- **Your assignment**
Below is a block of entries, which should be copied verbatim apart from the pictures.

- **Exercise materials**
═══

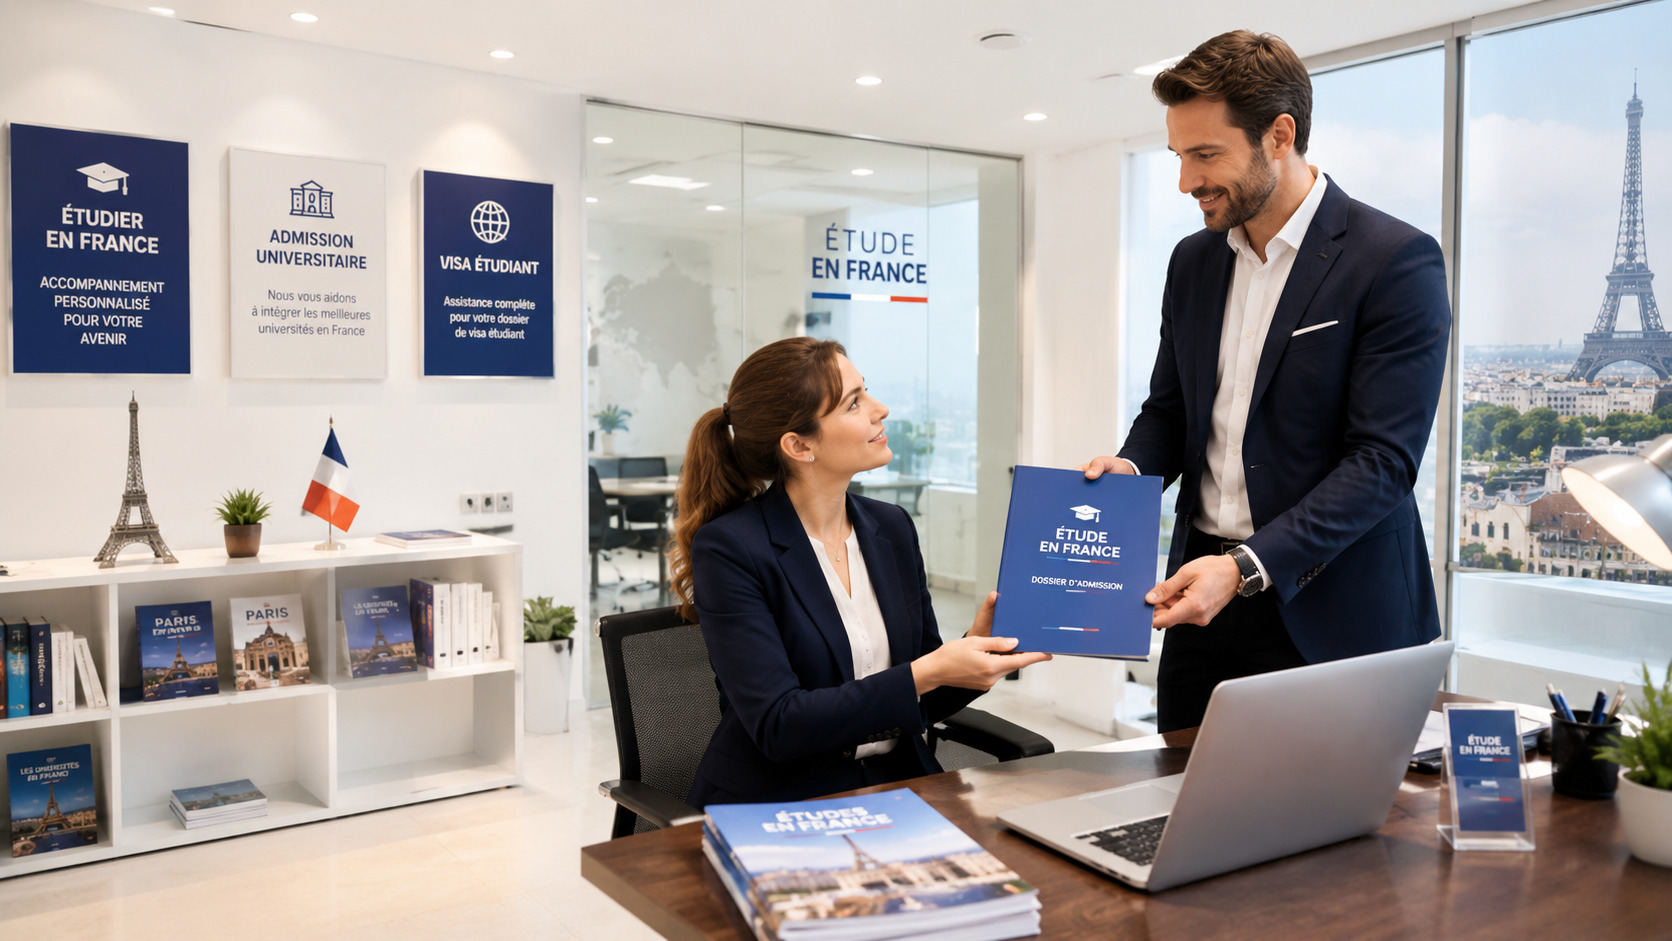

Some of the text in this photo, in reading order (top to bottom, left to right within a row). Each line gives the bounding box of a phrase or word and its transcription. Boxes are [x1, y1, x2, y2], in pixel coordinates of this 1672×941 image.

[62, 203, 144, 229] ÉTUDIER
[46, 230, 159, 254] EN FRANCE
[269, 229, 354, 249] ADMISSION
[826, 222, 914, 256] ÉTUDE
[256, 249, 367, 269] UNIVERSITAIRE
[440, 254, 540, 275] VISA ÉTUDIANT
[812, 257, 927, 284] EN FRANCE
[40, 276, 165, 293] ACCOMPANNEMENT
[54, 295, 151, 310] PERSONNALISÉ
[268, 289, 357, 304] Nous vous aidons
[443, 295, 493, 308] Assistance
[261, 305, 302, 320] intégrer
[304, 308, 318, 319] les
[321, 308, 371, 321] meilleures
[449, 313, 471, 324] pour
[473, 313, 496, 324] votre
[64, 314, 143, 328] POUR VOTRE
[258, 323, 366, 336] universités en France
[455, 326, 525, 340] de visa étudiant
[80, 332, 127, 345] AVENIR
[1056, 526, 1108, 543] ÉTUDE
[1040, 541, 1121, 558] EN FRANCE
[1031, 576, 1067, 586] DOSSIER
[155, 615, 198, 627] PARIS
[246, 607, 289, 621] PARIS
[1468, 733, 1502, 746] ÉTUDE
[1459, 745, 1511, 755] EN FRANCE
[775, 806, 868, 823] ÉTUDES
[762, 813, 893, 832] EN FRANCE

═══

- **Expected output**
Some of the text in this photo, in reading order (top to bottom, left to right within a row). Each line gives the bounding box of a phrase or word and its transcription. Boxes are [x1, y1, x2, y2], in pixel coordinates of this 1672×941 image.

[62, 203, 144, 229] ÉTUDIER
[46, 230, 159, 254] EN FRANCE
[269, 229, 354, 249] ADMISSION
[826, 222, 914, 256] ÉTUDE
[256, 249, 367, 269] UNIVERSITAIRE
[440, 254, 540, 275] VISA ÉTUDIANT
[812, 257, 927, 284] EN FRANCE
[40, 276, 165, 293] ACCOMPANNEMENT
[54, 295, 151, 310] PERSONNALISÉ
[268, 289, 357, 304] Nous vous aidons
[443, 295, 493, 308] Assistance
[261, 305, 302, 320] intégrer
[304, 308, 318, 319] les
[321, 308, 371, 321] meilleures
[449, 313, 471, 324] pour
[473, 313, 496, 324] votre
[64, 314, 143, 328] POUR VOTRE
[258, 323, 366, 336] universités en France
[455, 326, 525, 340] de visa étudiant
[80, 332, 127, 345] AVENIR
[1056, 526, 1108, 543] ÉTUDE
[1040, 541, 1121, 558] EN FRANCE
[1031, 576, 1067, 586] DOSSIER
[155, 615, 198, 627] PARIS
[246, 607, 289, 621] PARIS
[1468, 733, 1502, 746] ÉTUDE
[1459, 745, 1511, 755] EN FRANCE
[775, 806, 868, 823] ÉTUDES
[762, 813, 893, 832] EN FRANCE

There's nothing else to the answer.